National Office: The 2013 national office budget allocated $70,000 for the 2013 fiscal year audit. That audit is still uncompleted . The national office has admitted it does not have the money that was allocated to pay for the 2013 audit (having spent it on other things) and will be taking it from incoming network services in 2015. This will use up the money allocated for the fiscal year 2014 audit.

WPFW-Washington - WPFW does not have a PNB-approved budget for this fiscal year. The board postponed voting on it and will leave on January 29th without ever providing a budget for the DC station. Board member Benito Diaz tried to put forward a motion that consultant contracts be terminated at all stations, including WPFW, before staff reductions, but the board adjourned without considering his motion.
At KPFA's local station board meeting on January 24th, the meeting featured a long written report from GM Quincy McCoy in which he announced a few things:

1) The return of the community fund drive room is canceled. and the station will return to full call center services at a cost of $60,000+ a year, switching from tea party outfit Comnet to Cox Cable-subsidiary Telerep on the East Coast, meaning KPFA's pledge calls will be routed to a DC call center.

2) The station's fundraising troubles were per McCoy attributable to Pacifica's mission i.e. covering ongoing events during fund drives (to the limited extent the station did) causing the station to miss fundraising goals.

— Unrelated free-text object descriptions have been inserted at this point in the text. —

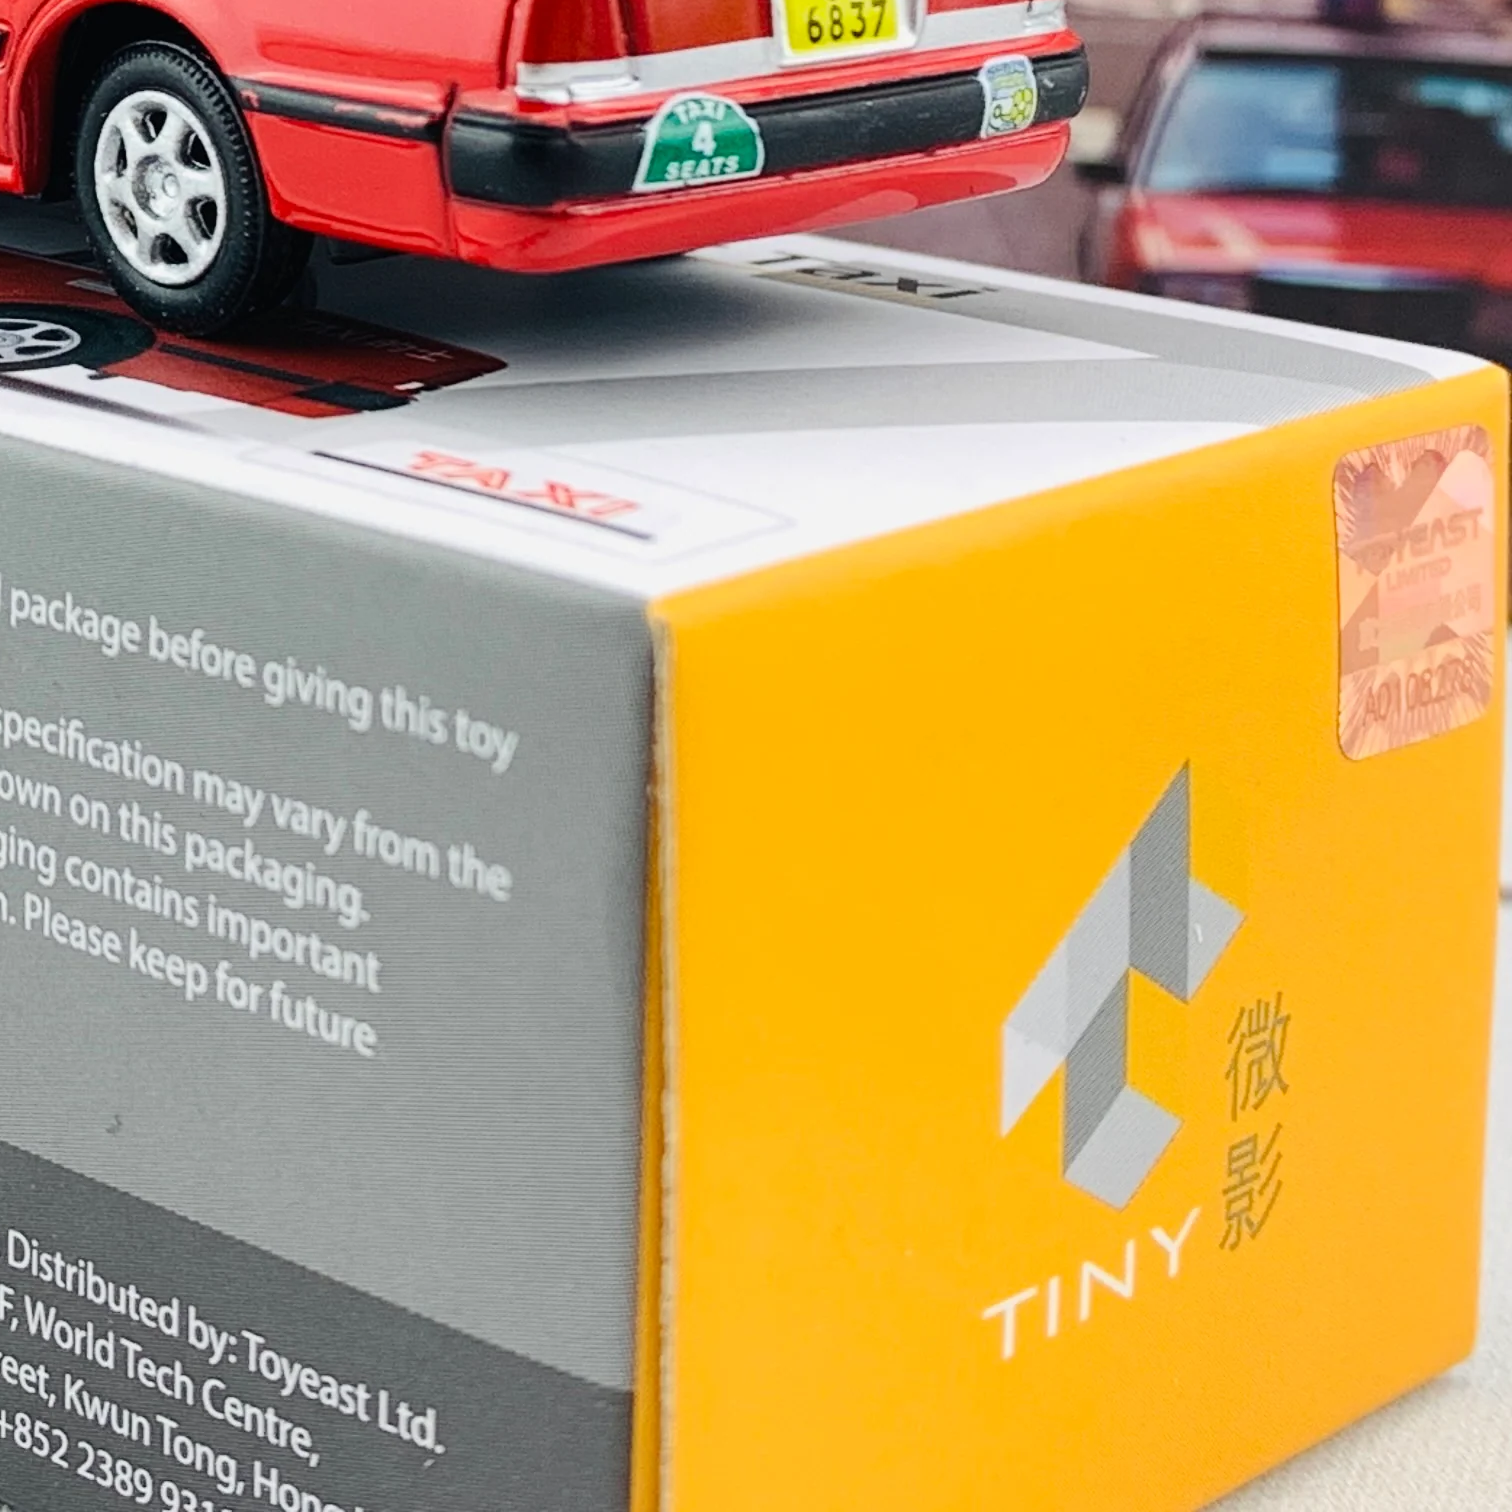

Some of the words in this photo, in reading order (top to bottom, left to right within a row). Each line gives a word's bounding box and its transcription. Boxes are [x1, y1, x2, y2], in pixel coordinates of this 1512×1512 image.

[807, 0, 887, 44] 6837
[665, 155, 740, 181] SEATS
[673, 99, 727, 124] TAXI
[692, 120, 717, 157] 4
[408, 449, 640, 517] TAXI
[9, 587, 141, 657] package
[149, 615, 257, 687] before
[262, 655, 374, 733] giving
[381, 684, 449, 744] this
[454, 707, 520, 775] toy
[69, 792, 111, 835] on
[118, 800, 178, 856] this
[185, 831, 371, 930] packaging.
[193, 767, 266, 828] may
[270, 791, 348, 856] vary
[352, 807, 440, 880] from
[447, 841, 514, 903] the
[23, 891, 121, 964] Please
[129, 927, 210, 1002] keep
[215, 959, 265, 1013] for
[270, 979, 379, 1057] future
[64, 854, 200, 929] contains
[207, 893, 384, 995] important
[1218, 990, 1292, 1253] 微影
[7, 1228, 180, 1337] Distributed
[188, 1304, 238, 1365] by:
[240, 1329, 373, 1422] Toyeast
[378, 1389, 447, 1454] Ltd.
[981, 1206, 1202, 1362] TINY
[24, 1294, 115, 1369] World
[119, 1337, 194, 1405] Tech
[201, 1378, 320, 1468] Centre,
[64, 1373, 152, 1446] Kwun
[156, 1414, 245, 1496] Tong,
[254, 1460, 345, 1512] Hon
[77, 1441, 153, 1504] 2389
[160, 1481, 233, 1512] 93
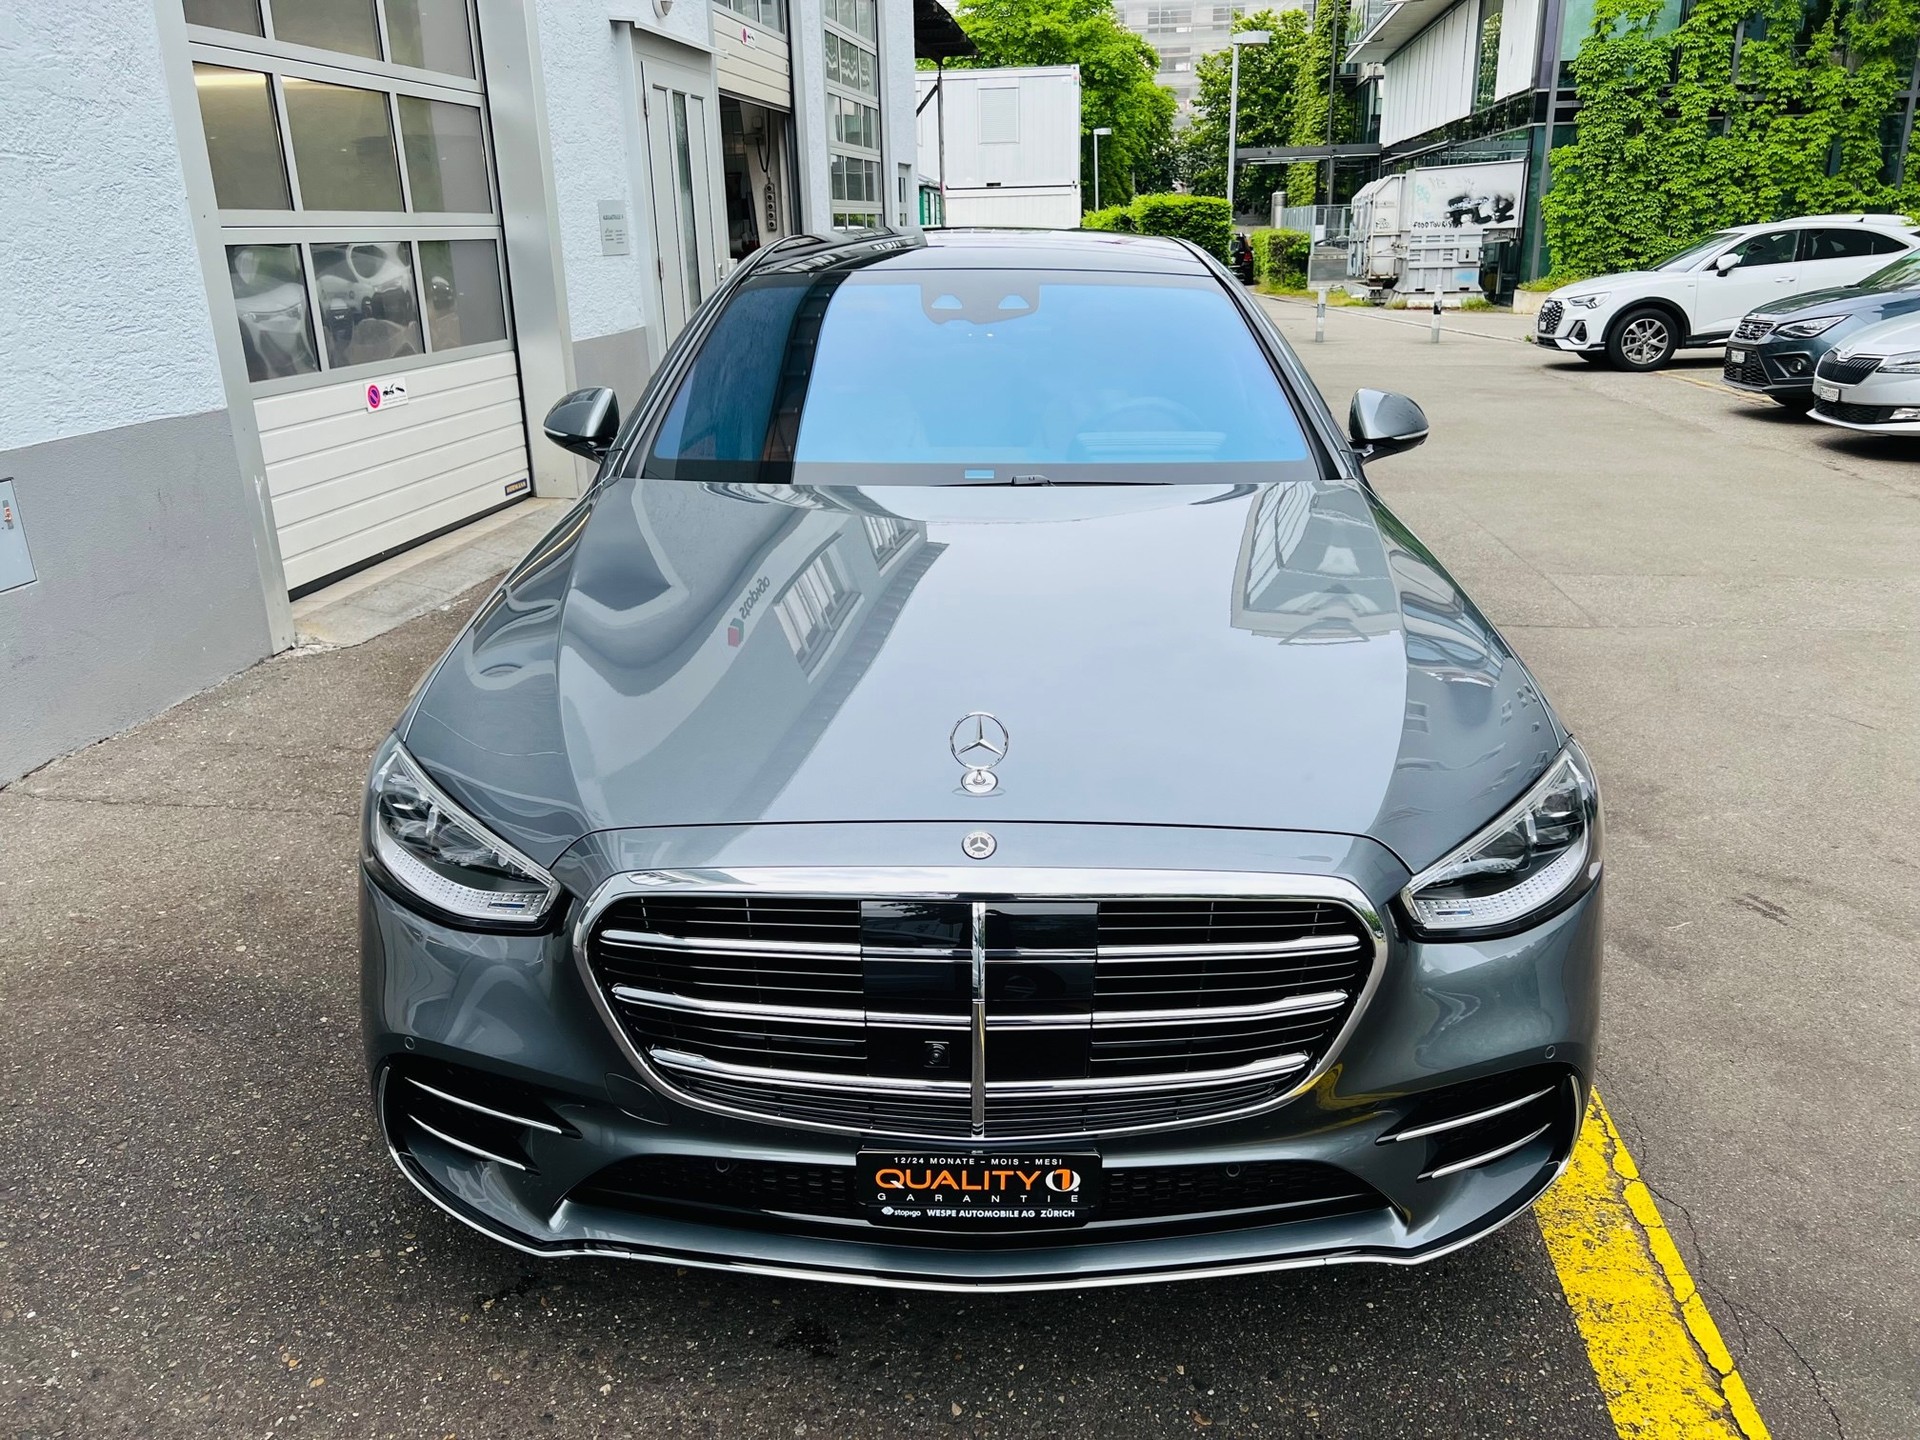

McCoy refers to the "PNB cuts", although the reason for them is the inflated projections for bequests in KPFA's budget and the addition of new operating expenses like call center services and Reuters news wire subscriptions.
  
3) The station's new website is delayed due to technical problems.

NOTE: The Pacifica in Exile Newsletter is prepared by Tracy Rosenberg and posted here for your information. The opinions expressed are not necessarily shared by me (but more likely than not). --Chris

Sunday, January 25, 2015

Nothing ever adds up at WBAI/Pacifica


With Mitchel Cohen telling conflicting stories regarding WBAI's current financial status, a California AG audit scheduled to begin in February, and Berthold Reimers painting rosy pictures that inevitably prove to be fakes, interest in seeing real figures has heightened. 


When Reimers had to give a quarterly financial report at the recent WBAI LSB meeting, he spun the usual fantasy and admitted to not being comfortable with the accounting software used by Pacifica. As usual, he raised more questions than he answered, so Tracy Rosenberg made some comparisons between his figures and those  recorded by Pacifica's controversial CFO. 

Tracy Rosenberg posted:
The spreadsheet given out at the WBAI local station board meeting by GM Berthold Reimers, presumably generated in Quickbooks, has rather astoundingly different income numbers for WBAI in the first two months of FY2015 than those provided to the PNB by CFO Salvador and the NFC in the "income recap document" on January 8th.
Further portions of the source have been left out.